Between 20th September and 5th October 2021, we conducted an online, descriptive and cross-sectional study across 12 universities in Uganda.
Study area and setting
The study was conducted in Uganda. There are currently 54 universities in Uganda turning out over 40,000 graduates annually. However, only 12 universities offer health professional courses with an estimated population of 10,000 students. These include both private and public medical schools and they are Makerere University (MAK), Mbarara University of Science and Technology (MUST), Busitema University (BU), Kabale University (KU), Gulu University (GU), Kampala International University (KIU), King Caesar University (KCU), Uganda Christian University (UCU), Muni University, Soroti University, Lira University, and Islamic University in Uganda (IUIU). MAK, GU, BU, MUST, Muni, Kabale and Soroti are public universities whilst the rest are private.
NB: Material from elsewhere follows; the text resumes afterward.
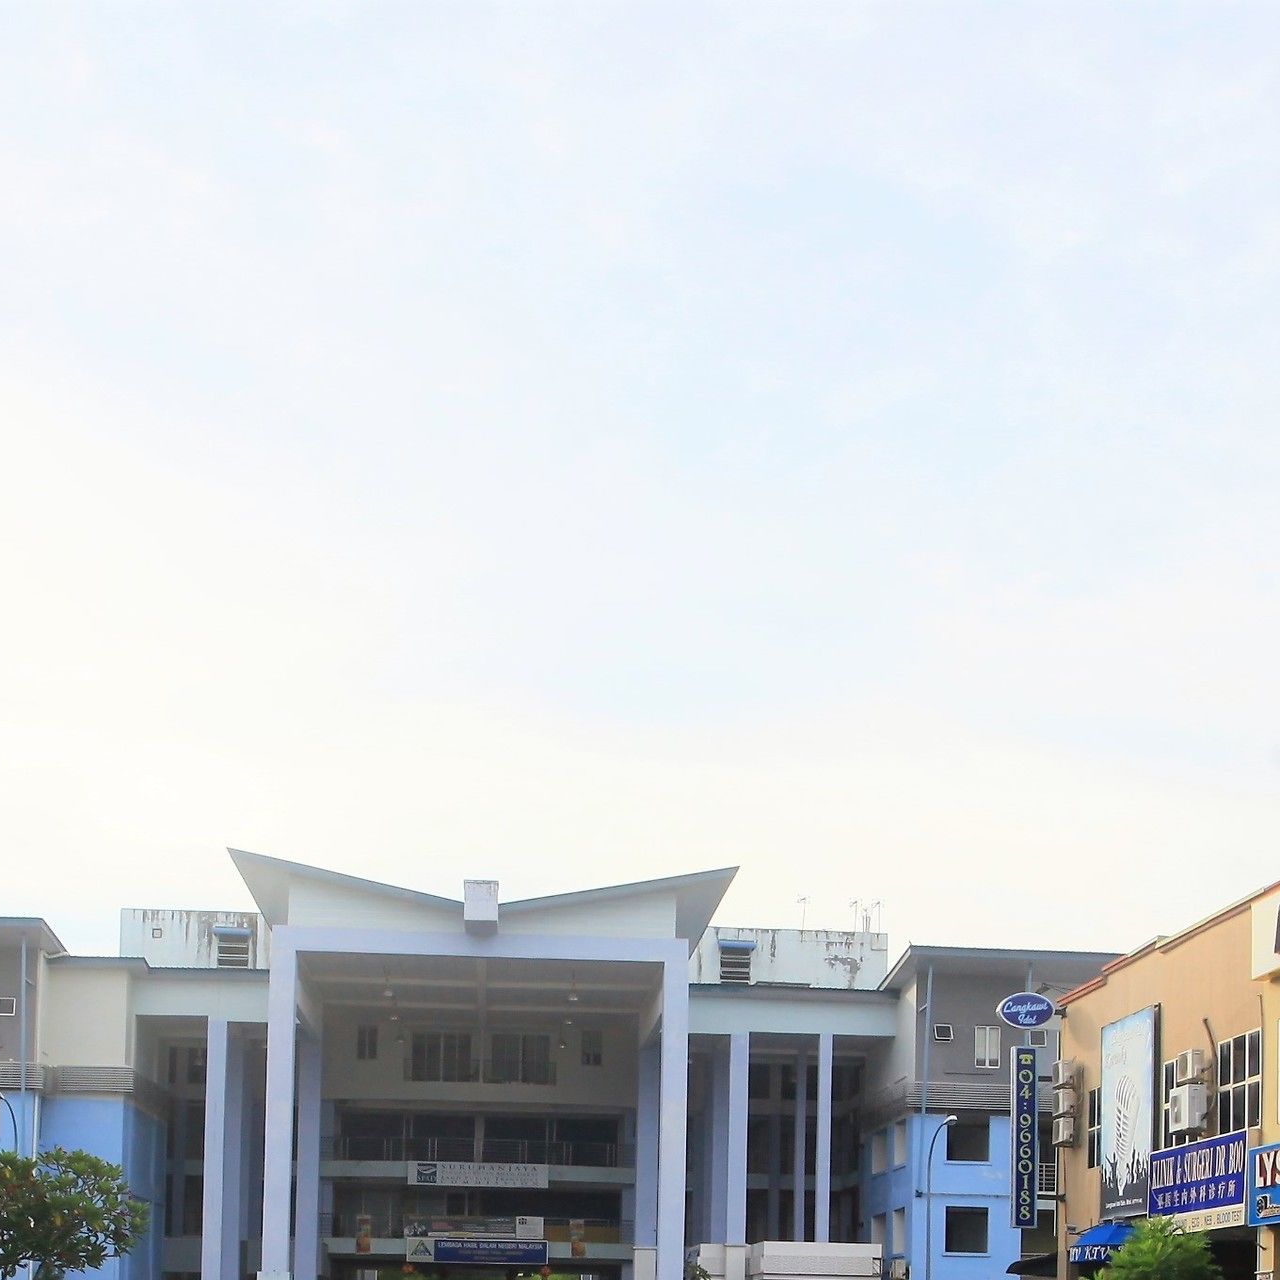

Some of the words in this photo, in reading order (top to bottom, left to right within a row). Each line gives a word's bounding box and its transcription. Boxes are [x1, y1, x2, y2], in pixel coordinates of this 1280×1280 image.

All undergraduate students, 18 years or older, from year 1 to year 5 of study pursuing a health profession program at any of the above-mentioned universities. Programs included were Bachelor of Medicine and Surgery (MBChB), Bachelor of Biomedical Sciences (BSB), Bachelor of Nursing/Midwifery (BSN/MW), Bachelor of Pharmacy (BPHARM), Bachelor of Dental Surgery (BDS), Bachelor of Medical Radiography (BMR), Bachelor of Science in Anesthesia (BSA), among others.
A sample size of 420 participants was calculated using the modified Kish—Leslie formula for infinite population, with a prevalence of 50%, margin of error of 5% at 95% confidence interval, and a 10% non-response rate.
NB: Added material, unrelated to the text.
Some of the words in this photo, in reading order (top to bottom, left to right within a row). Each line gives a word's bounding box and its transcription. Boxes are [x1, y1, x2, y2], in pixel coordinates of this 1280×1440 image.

The independent variables included were sex, age, year of study, university of study, type of university ownership and program of study. Dependent variables included questions on students’ awareness about research, attitudes, anticipated motivational factors and barriers for research involvement.
Data collection tool:
The questionnaire used had 33 questions and was adopted from previously validated questionnaires by Sayedalamin et al (19) and Lloh et al (20).It consisted of 5 sections as below:
Section l. Had 7 Questions about participants' demographics.
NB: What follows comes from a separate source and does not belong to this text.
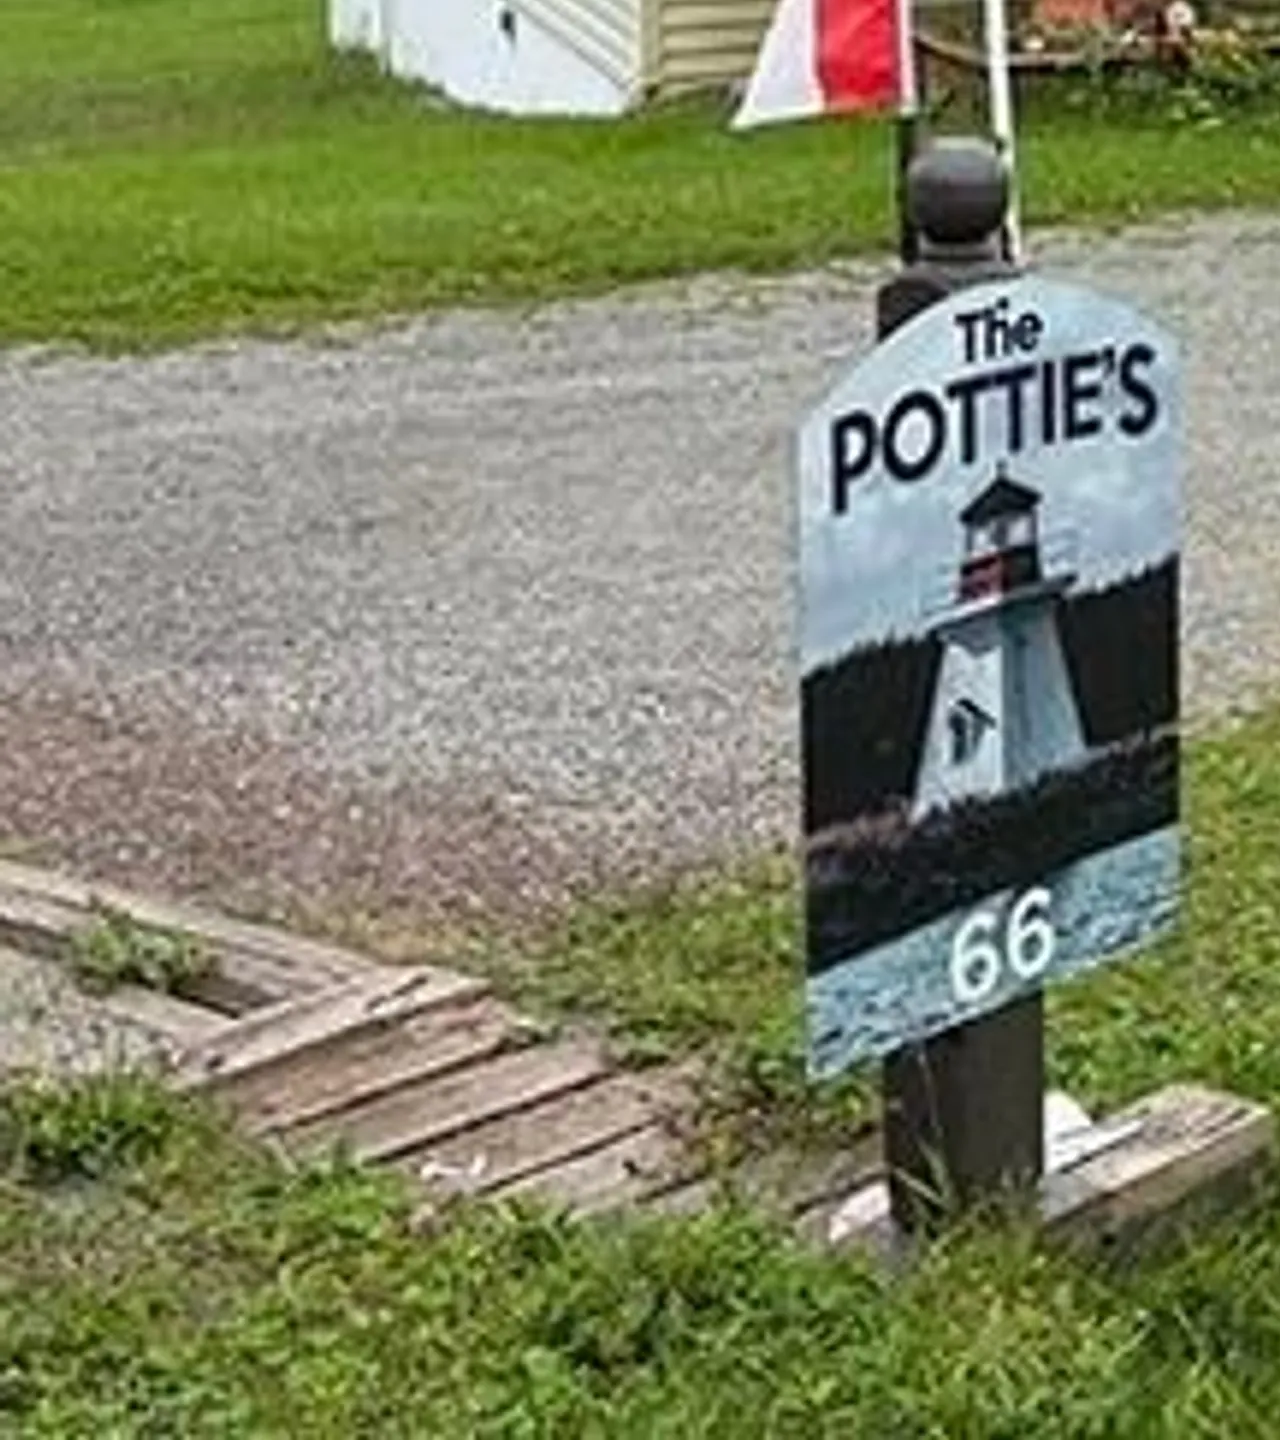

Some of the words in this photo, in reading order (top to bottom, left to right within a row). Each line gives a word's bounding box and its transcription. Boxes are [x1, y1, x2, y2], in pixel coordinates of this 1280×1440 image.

Section II. Had 10 questions assessing for participants' awareness about Research
Section III. Had 9 questions, assessing for participants' attitudes towards research.
Section IV. Had 3 questions, assessing for participants'perceived motivational factors and benefits for engaging in research.
Section V. Had 4 questions, assessing for participants' perceived barriers for research involvement and intentions of doing research as a career.
Data collection procedure
Data was collected by convenience sampling method. The link to the online questionnaire was sent to eligible participants via WhatsApp groups and personal inboxes plus email addresses. It was a self-administered questionnaire written in simple English for effective understanding by the participants.
The questionnaire was pre-tested among 15 undergraduate students from the College of Veterinary Medicine, Makerere University, and the identified corrections necessary were made before administering the tool to the final study participants. The questionnaire had check points that ensured that only completed forms could be submitted, and that each articipant could submit only one response form, hence excluding duplication of responses from participating more than once.
Data management and analysis
Upon completion of data collection, entries were downloaded. Data cleaning and coding were done using Microsoft Excel 2016 and coded data exported to STATA 15.0 for analysis. Demographic characteristics, awareness, barriers, benefits, and motivational factors to participate in research were first summarized as in tables with frequencies and percentages for categorical variables and mean and standard deviation for numerical variables. Attitude was summarized on a figure format. Associations between independent and dependent variables were assessed using Chi-square or Fisher’s exact tests for categorical data and Mann-Whitney U test for numerical data. Multivariable logistic regression was performed adjusting for all important confounders. Results were presented as adjusted odds ratio (aOR) and 95% confidence interval (95%CI). A p<0.05 was considered statistically significant.